Я ошарашенно молчал. Костя предлагал вызвать духа.

– Петр Ильич Елабужский, девятьсот третьего года рождения. Умер второго-третьего тысяча девятьсот пятьдесят пятого года. Выглядел вот так.

Со снимка Елабужский смотрел на меня округлившимися глазами, словно в ответ на сделанное ему предложение. (А на самом-то деле в этот момент в его ушах звучит: «Приготовились, внимание, сейчас отсюда вылетит птичка».)

– А ты когда-нибудь раньше их вызывал?

– Однажды, с одним человеком, – «один человек» прозвучало как имя растлителя. Я почувствовал, что бессилен перед охватившим меня желанием. Я еще расспрашивал: как это было да что из этого получилось – но ответ мой был предрешен.

– Если б еще иметь его фотографию, – сказал Козлов, пробуя отодрать снимок.

Я оглянулся по сторонам. Никого. Среди такого количества надгробий – и чтоб не было ни одной живой души… Интересно знать, когда нас видели, что думали – зачем мы здесь. Много раз праздношатающимся юнцом бывал я на кладбищах, там выкурил я свою первую папиросу, там овладевали мною мысли, приличествующие сему месту – и моему возрасту (кому как не юности предаваться мыслям о смерти, даже о самоубийстве). Что же при виде меня думали люди, пришедшие навестить своих, какие приписывались мне цели? Вопрос, которым я никогда не задавался. Вот вырасту, пойду на кладбище, повстречаю там маленького буржуина – и отвечу на него.

Третейский суд

…Итак, я оглянулся. Но на полинялом небосводе показался бледный серпик, в домах зажглось электричество. И хотя последний луч еще только догорал, на кладбище было пусто («ни одной живой души»). Тем не менее Козлов не покусился на фотографию.

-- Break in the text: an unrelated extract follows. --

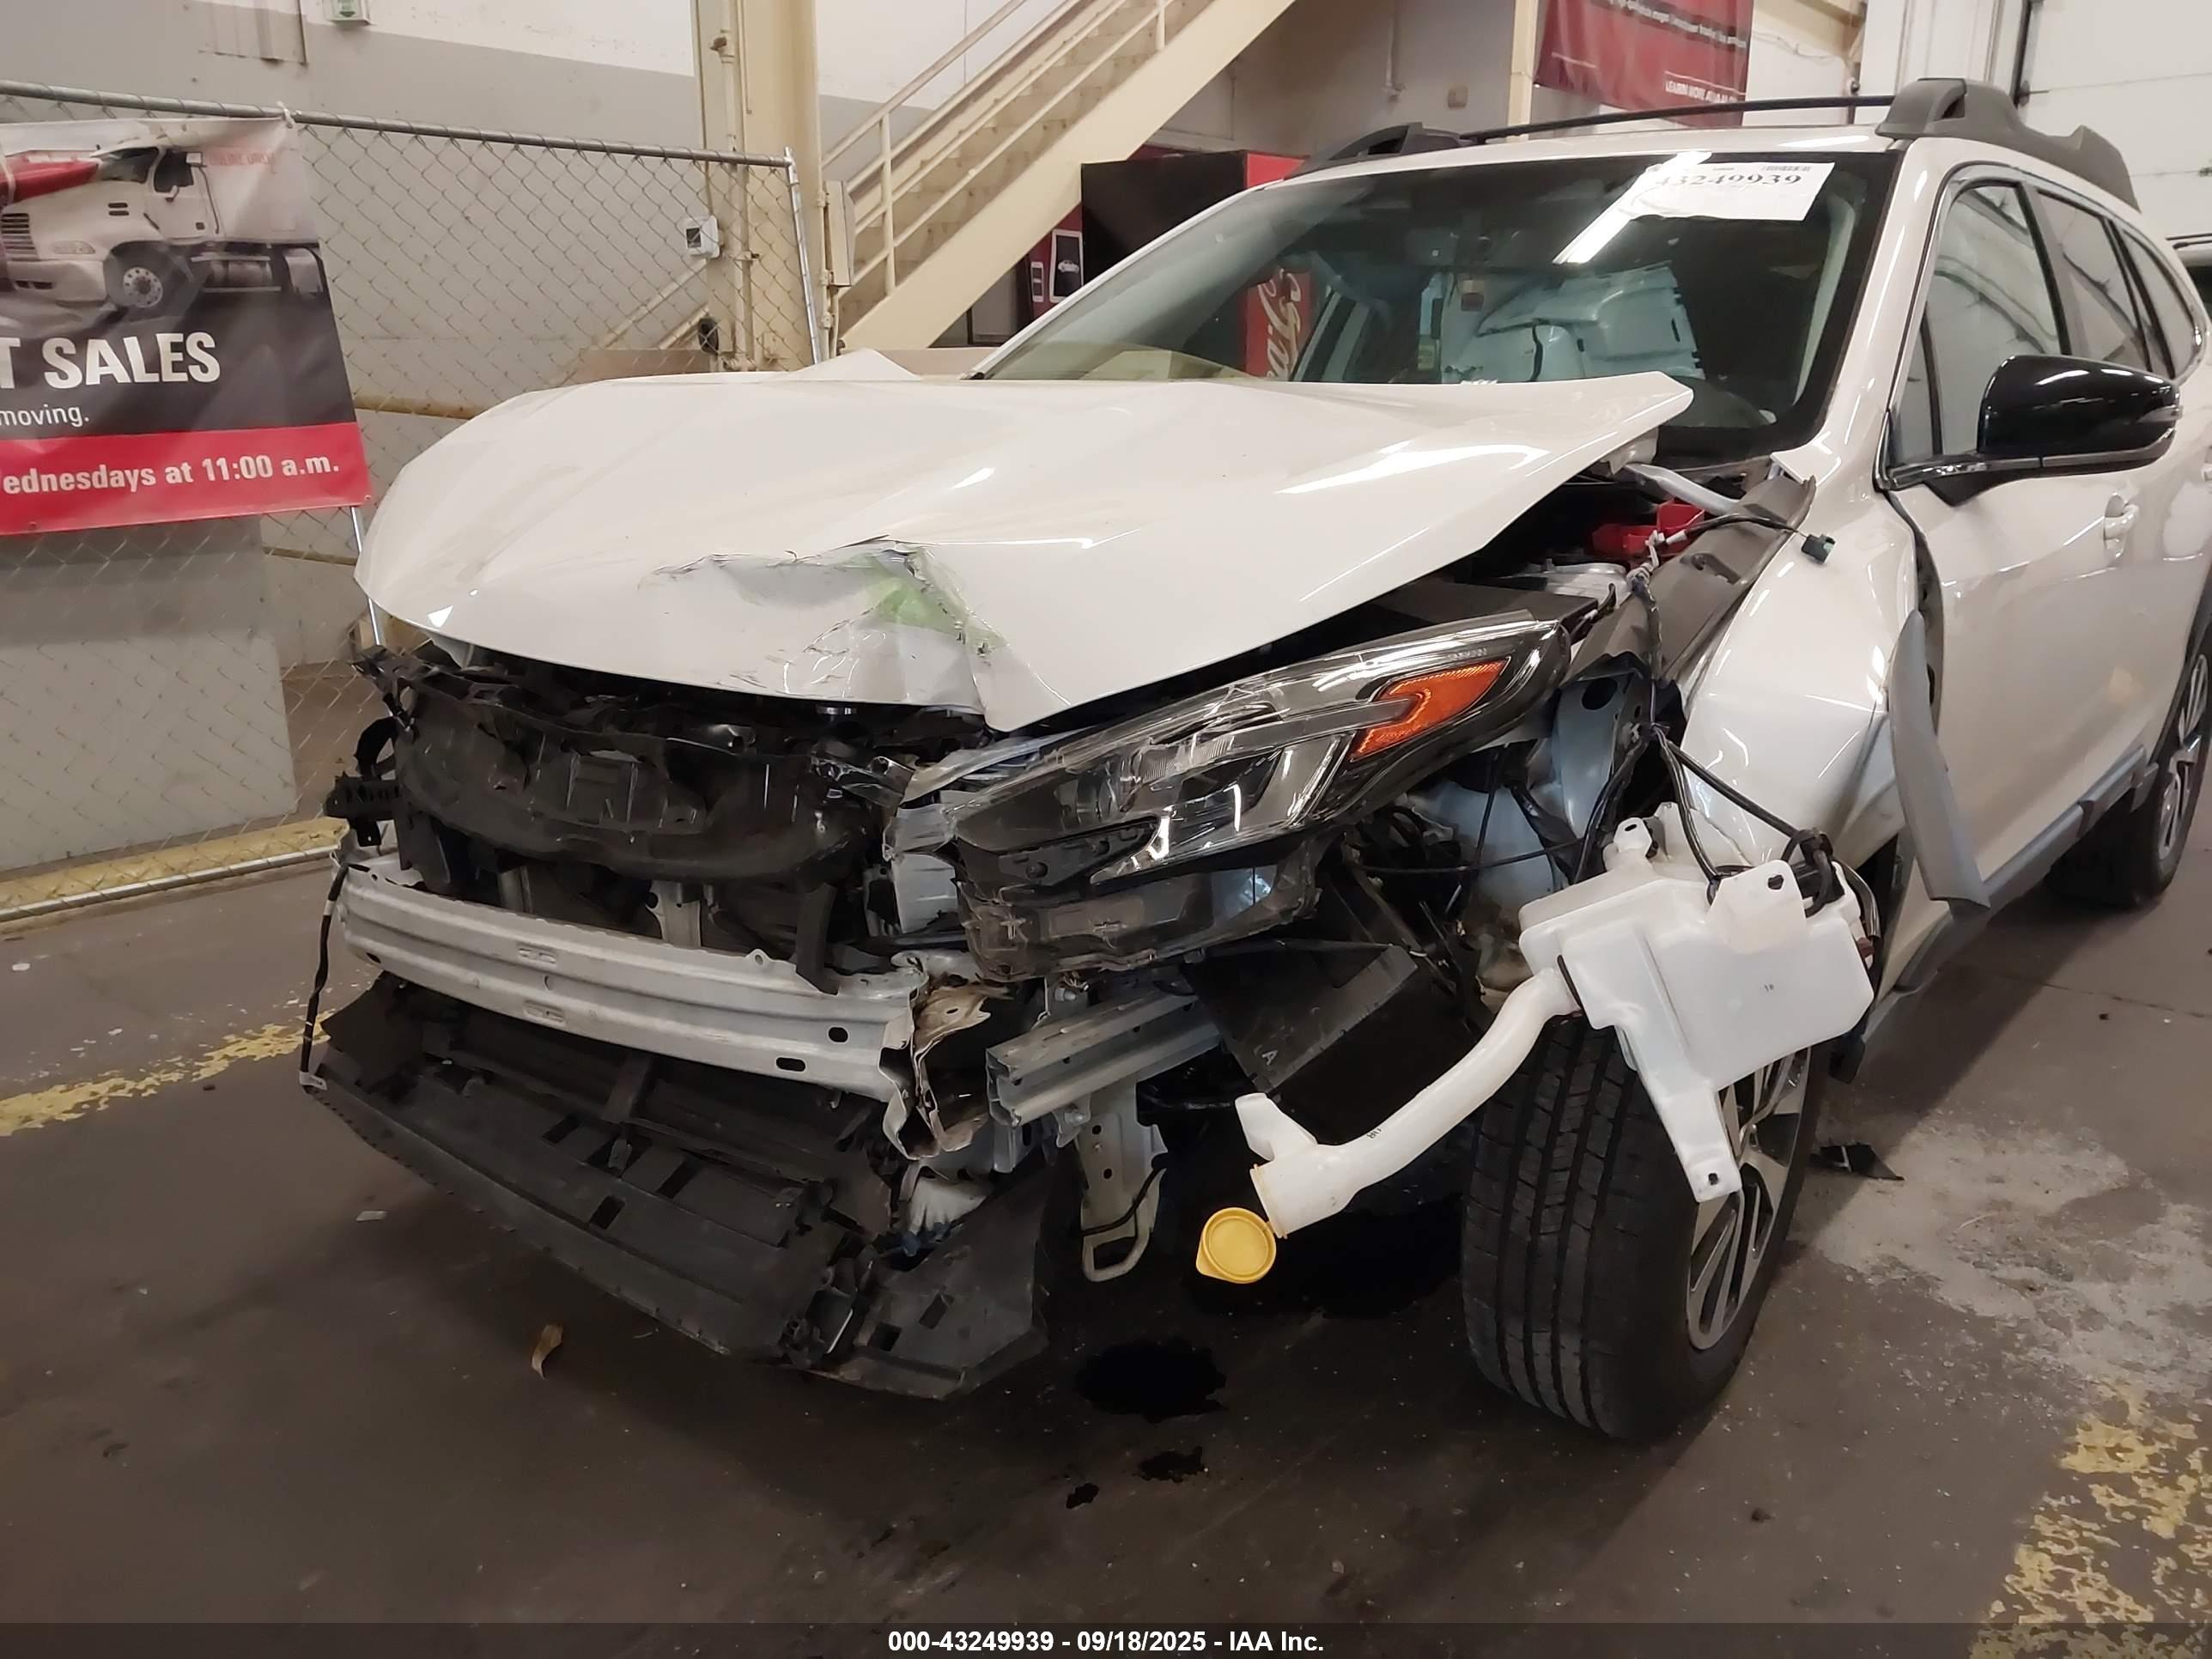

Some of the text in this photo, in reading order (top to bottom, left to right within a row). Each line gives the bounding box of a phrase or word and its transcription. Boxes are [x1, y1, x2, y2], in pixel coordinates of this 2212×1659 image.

– Ладно. С ней было б надежней…

Проводили спиритический сеанс, разумеется, не у меня – у него, в Гавани, в отсутствие Лиды, которое было трудно назвать редким: менее всего она была домоседкою, а о сыне, моем ровеснике, и вовсе говорить не приходится. Они жили в маленькой полутемной квартирке, в соседстве всего лишь двух старушек, под низким потолком (у нас, слава Богу, было от пола до потолка четыре метра, большая солнечная комната, выходившая окнами на живой перекресток – а не в какой-нибудь кирпичный колодец). Над кроватью, патриархально застланной тюлем и убранной подушечками, чернел образок. Козлов спал на раскладном кресле, которое сейчас занимал я. Между тем Козлов стянул со стола, где нам предстояло заниматься делом, скатерку, опять же из белого тюля, и, скомкав, запустил в подвенечный саван Лидиной постели. Дощатый крашеный пол был чисто выметен. Ни на мебели, ни в темном пространстве помещения не было ни пылинки – что солнечным столбом стоят в комнатах с высокими потолками, всегда светлых, окнами глядящих на трамвайный угол. Там пятерка, четырнадцатый, двадцатка и двадцать четвертый, прежде чем тронуться, сверлили веселый бензиновый воздух синим, как молния, звонком.

На буфете пара крючком связанных салфеток, поверх которых Пушкин, балерина и проч. Это потомственное русское «викторианство», мещанское, а может, и кулацкое, а может, и купеческое, некогда хаживавшее к старцам и ведшее строгий учет житейским радостям, своим и своих близких, дохнуло на меня, едва я переступил порог комнаты. Вероятно, в свою очередь, я тоже на него дохнул: с размаху плюхнулся в кресло, закинув ногу на ногу под таким углом, что только сигару в зубы да завести рок-н-ролл «на костях».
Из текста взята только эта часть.